* _Work instructions_:
Please output the entries below without altering a single character.

/---

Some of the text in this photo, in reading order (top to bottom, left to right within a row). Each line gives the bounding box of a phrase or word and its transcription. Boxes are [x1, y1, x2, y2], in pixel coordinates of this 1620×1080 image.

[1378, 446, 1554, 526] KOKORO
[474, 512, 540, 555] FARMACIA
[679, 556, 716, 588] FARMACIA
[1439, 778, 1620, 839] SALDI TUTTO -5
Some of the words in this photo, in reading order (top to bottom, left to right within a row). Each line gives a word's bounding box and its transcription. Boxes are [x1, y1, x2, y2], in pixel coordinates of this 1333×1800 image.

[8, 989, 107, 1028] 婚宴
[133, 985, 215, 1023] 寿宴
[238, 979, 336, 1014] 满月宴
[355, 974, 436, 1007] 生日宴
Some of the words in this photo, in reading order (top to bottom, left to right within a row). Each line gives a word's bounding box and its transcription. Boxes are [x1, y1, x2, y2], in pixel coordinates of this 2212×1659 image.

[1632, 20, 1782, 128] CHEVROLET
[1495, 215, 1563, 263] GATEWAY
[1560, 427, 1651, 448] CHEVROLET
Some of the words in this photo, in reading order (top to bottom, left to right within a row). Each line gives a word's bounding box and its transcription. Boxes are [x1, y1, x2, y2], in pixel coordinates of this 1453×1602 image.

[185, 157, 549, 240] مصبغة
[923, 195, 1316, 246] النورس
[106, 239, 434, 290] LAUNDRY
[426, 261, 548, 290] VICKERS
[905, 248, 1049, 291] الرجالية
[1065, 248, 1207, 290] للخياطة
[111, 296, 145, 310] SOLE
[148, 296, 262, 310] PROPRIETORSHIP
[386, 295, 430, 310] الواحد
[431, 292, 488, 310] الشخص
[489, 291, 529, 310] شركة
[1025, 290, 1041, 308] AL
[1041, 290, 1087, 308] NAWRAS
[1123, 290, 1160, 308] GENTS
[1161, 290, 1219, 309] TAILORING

\---

* _Result of this exercise_:
Some of the text in this photo, in reading order (top to bottom, left to right within a row). Each line gives the bounding box of a phrase or word and its transcription. Boxes are [x1, y1, x2, y2], in pixel coordinates of this 1620×1080 image.

[1378, 446, 1554, 526] KOKORO
[474, 512, 540, 555] FARMACIA
[679, 556, 716, 588] FARMACIA
[1439, 778, 1620, 839] SALDI TUTTO -5
Some of the words in this photo, in reading order (top to bottom, left to right within a row). Each line gives a word's bounding box and its transcription. Boxes are [x1, y1, x2, y2], in pixel coordinates of this 1333×1800 image.

[8, 989, 107, 1028] 婚宴
[133, 985, 215, 1023] 寿宴
[238, 979, 336, 1014] 满月宴
[355, 974, 436, 1007] 生日宴
Some of the words in this photo, in reading order (top to bottom, left to right within a row). Each line gives a word's bounding box and its transcription. Boxes are [x1, y1, x2, y2], in pixel coordinates of this 2212×1659 image.

[1632, 20, 1782, 128] CHEVROLET
[1495, 215, 1563, 263] GATEWAY
[1560, 427, 1651, 448] CHEVROLET
Some of the words in this photo, in reading order (top to bottom, left to right within a row). Each line gives a word's bounding box and its transcription. Boxes are [x1, y1, x2, y2], in pixel coordinates of this 1453×1602 image.

[185, 157, 549, 240] مصبغة
[923, 195, 1316, 246] النورس
[106, 239, 434, 290] LAUNDRY
[426, 261, 548, 290] VICKERS
[905, 248, 1049, 291] الرجالية
[1065, 248, 1207, 290] للخياطة
[111, 296, 145, 310] SOLE
[148, 296, 262, 310] PROPRIETORSHIP
[386, 295, 430, 310] الواحد
[431, 292, 488, 310] الشخص
[489, 291, 529, 310] شركة
[1025, 290, 1041, 308] AL
[1041, 290, 1087, 308] NAWRAS
[1123, 290, 1160, 308] GENTS
[1161, 290, 1219, 309] TAILORING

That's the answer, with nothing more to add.